● DATA FOR ANALYSIS
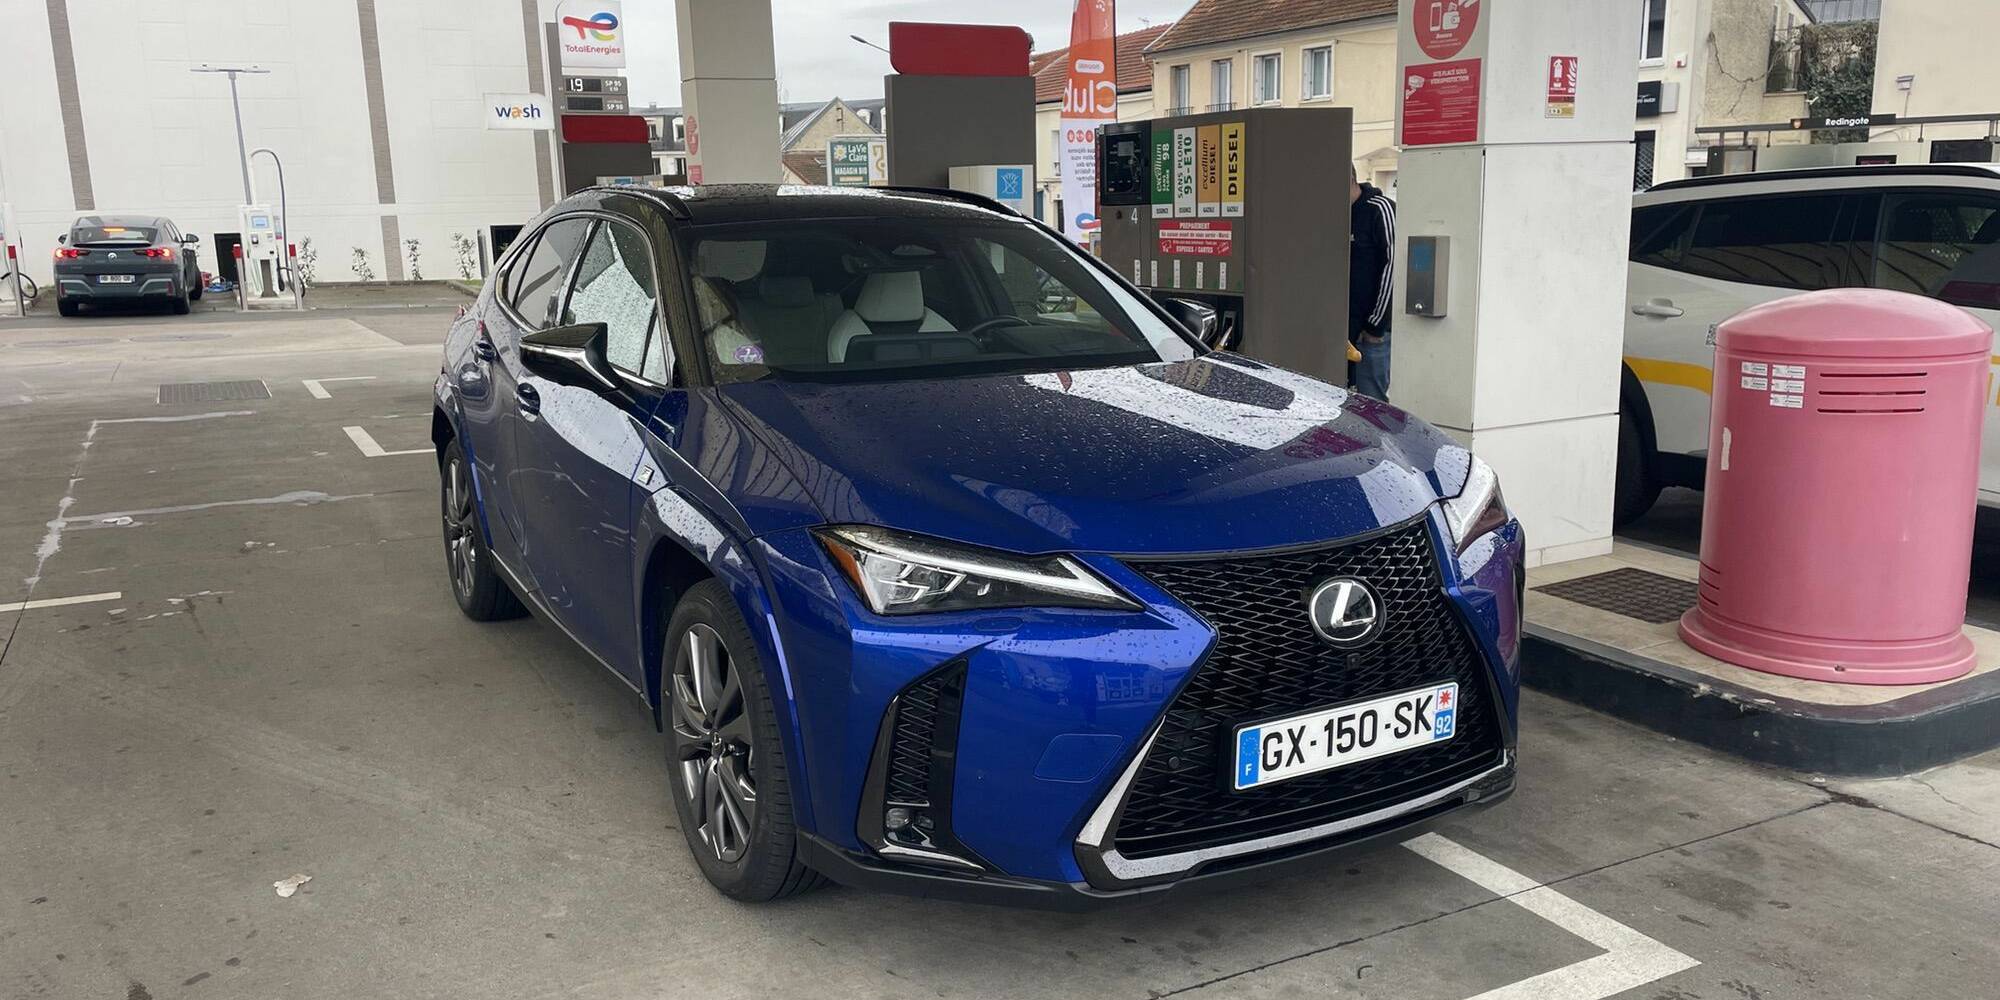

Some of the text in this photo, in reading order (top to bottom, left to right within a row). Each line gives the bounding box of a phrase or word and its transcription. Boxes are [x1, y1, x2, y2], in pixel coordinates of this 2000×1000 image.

[565, 44, 621, 55] TotalEnergies
[495, 104, 541, 118] wash
[1825, 117, 1869, 127] Redingote
[848, 152, 867, 162] Claire
[1162, 142, 1170, 161] 98
[1154, 144, 1162, 192] excellium
[1184, 136, 1192, 195] 95-E10
[1228, 129, 1238, 196] DIESEL
[1131, 207, 1138, 224] 4
[1261, 695, 1434, 772] GX-150-SK
[1436, 715, 1452, 735] 92
[1245, 763, 1252, 776] F
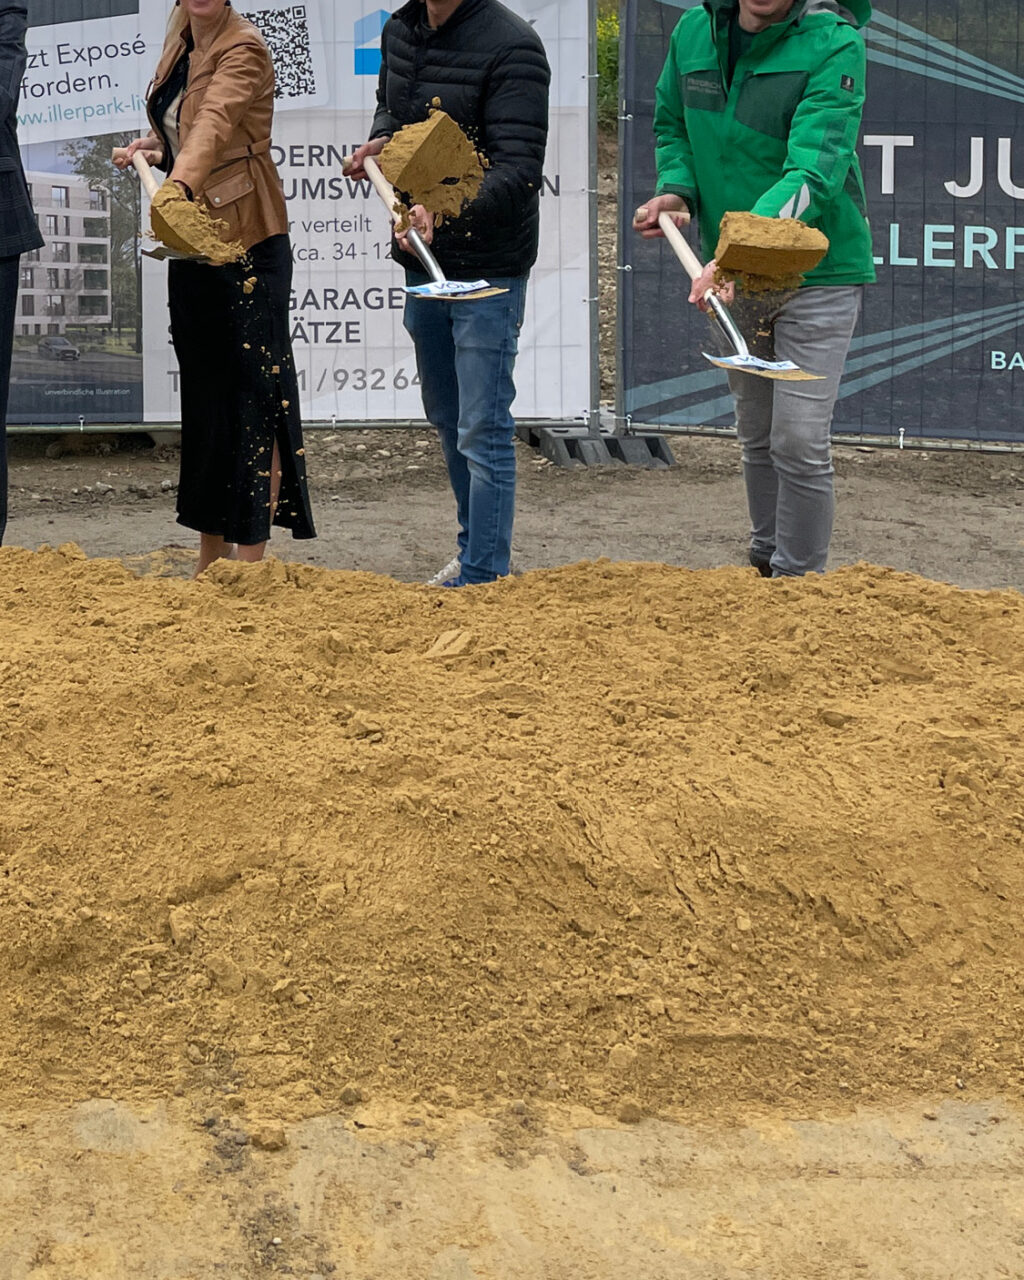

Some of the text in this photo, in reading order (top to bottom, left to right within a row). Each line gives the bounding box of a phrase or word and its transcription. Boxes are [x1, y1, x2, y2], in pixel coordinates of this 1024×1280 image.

[56, 33, 146, 67] Exposé
[301, 214, 372, 233] verteilt
[333, 368, 386, 391] 932
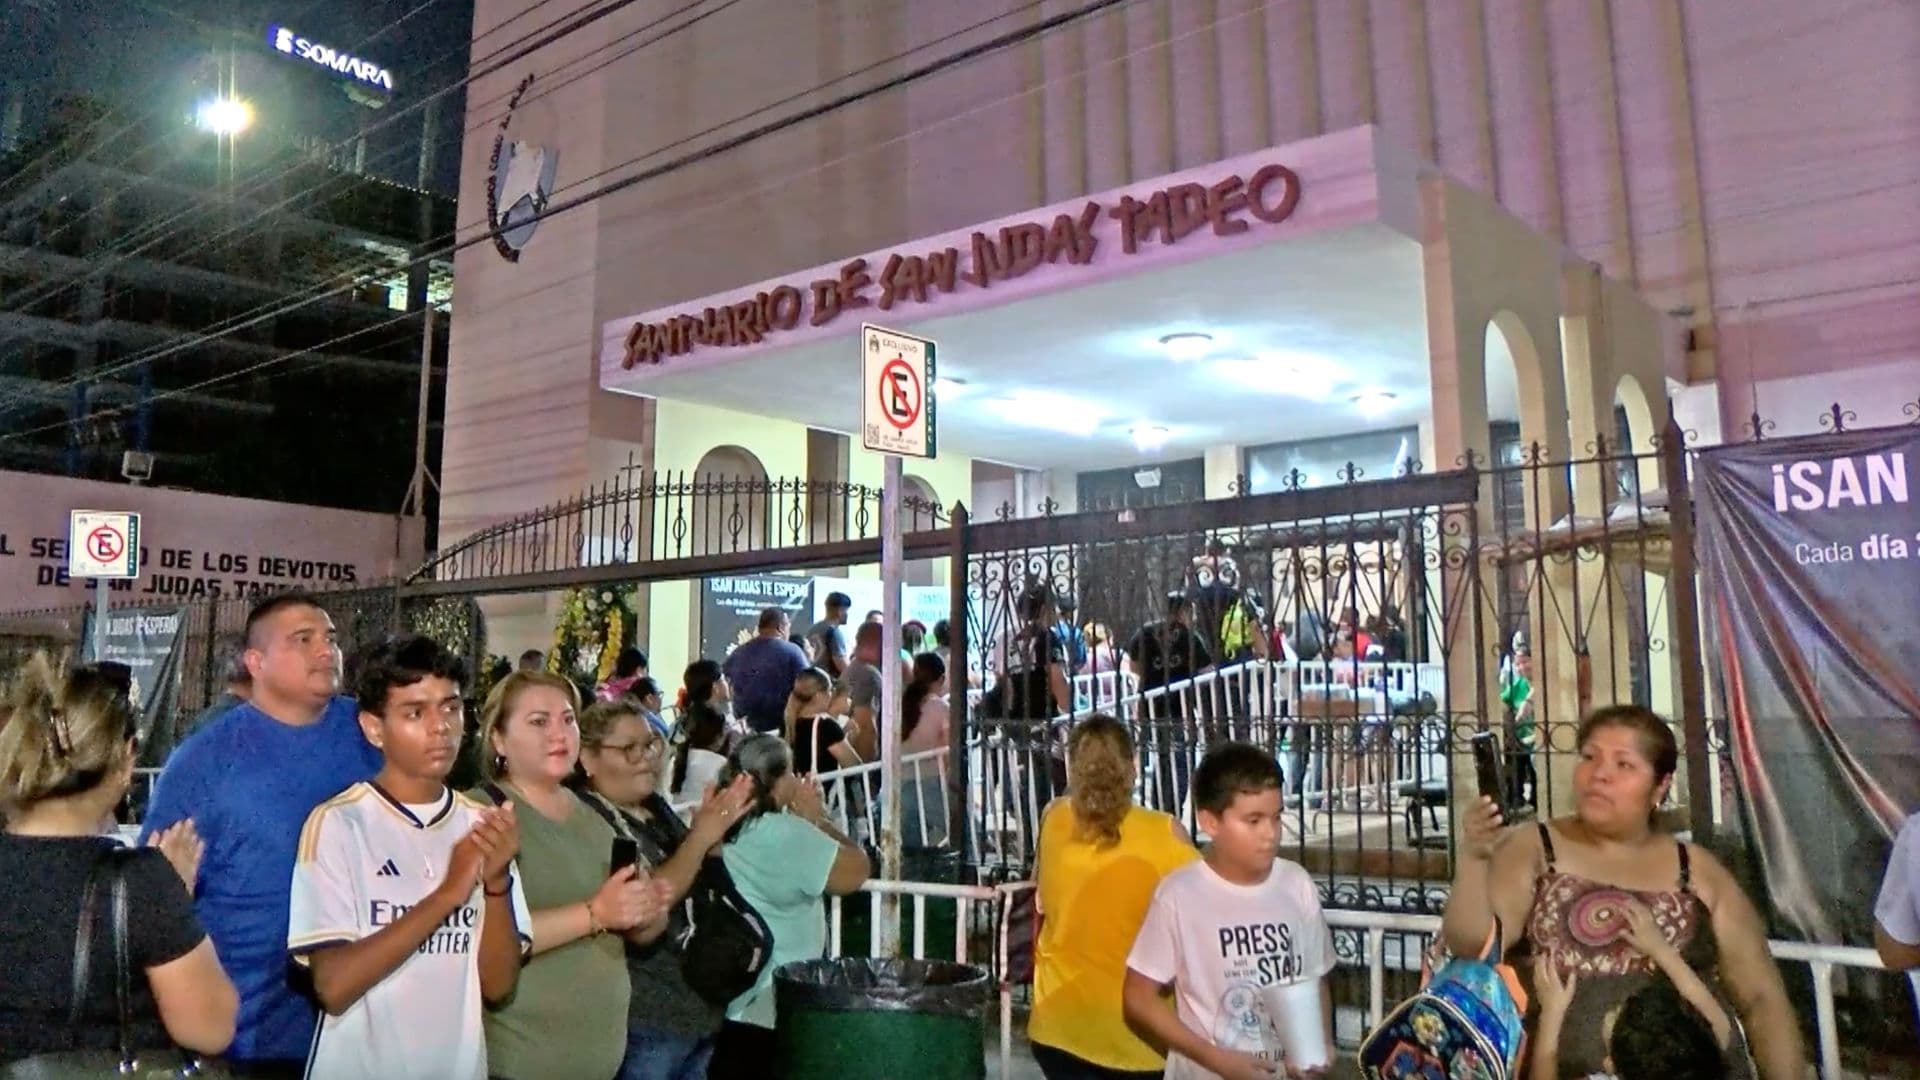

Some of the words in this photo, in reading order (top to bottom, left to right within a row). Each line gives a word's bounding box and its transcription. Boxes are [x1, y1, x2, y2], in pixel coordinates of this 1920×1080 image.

● ABOUT THIS TASK
Transcribe the records above exactly, without images.

● YOUR RESPONSE
Some of the text in this photo, in reading order (top to bottom, left to right within a row). Each line gives the bounding box of a phrase or word and its transcription. Boxes are [x1, y1, x2, y2], in pixel coordinates of this 2000×1000 image.

[565, 44, 621, 55] TotalEnergies
[495, 104, 541, 118] wash
[1825, 117, 1869, 127] Redingote
[848, 152, 867, 162] Claire
[1162, 142, 1170, 161] 98
[1154, 144, 1162, 192] excellium
[1184, 136, 1192, 195] 95-E10
[1228, 129, 1238, 196] DIESEL
[1131, 207, 1138, 224] 4
[1261, 695, 1434, 772] GX-150-SK
[1436, 715, 1452, 735] 92
[1245, 763, 1252, 776] F

Some of the text in this photo, in reading order (top to bottom, left to right within a row). Each line gives the bounding box of a phrase or word and its transcription. Boxes are [x1, y1, x2, y2], in pixel coordinates of this 1024×1280 image.

[56, 33, 146, 67] Exposé
[301, 214, 372, 233] verteilt
[333, 368, 386, 391] 932

Some of the words in this photo, in reading order (top to bottom, left to right within a row). Each line gives a word's bounding box and its transcription. Boxes are [x1, y1, x2, y2], in pixel coordinates of this 1920×1080 image.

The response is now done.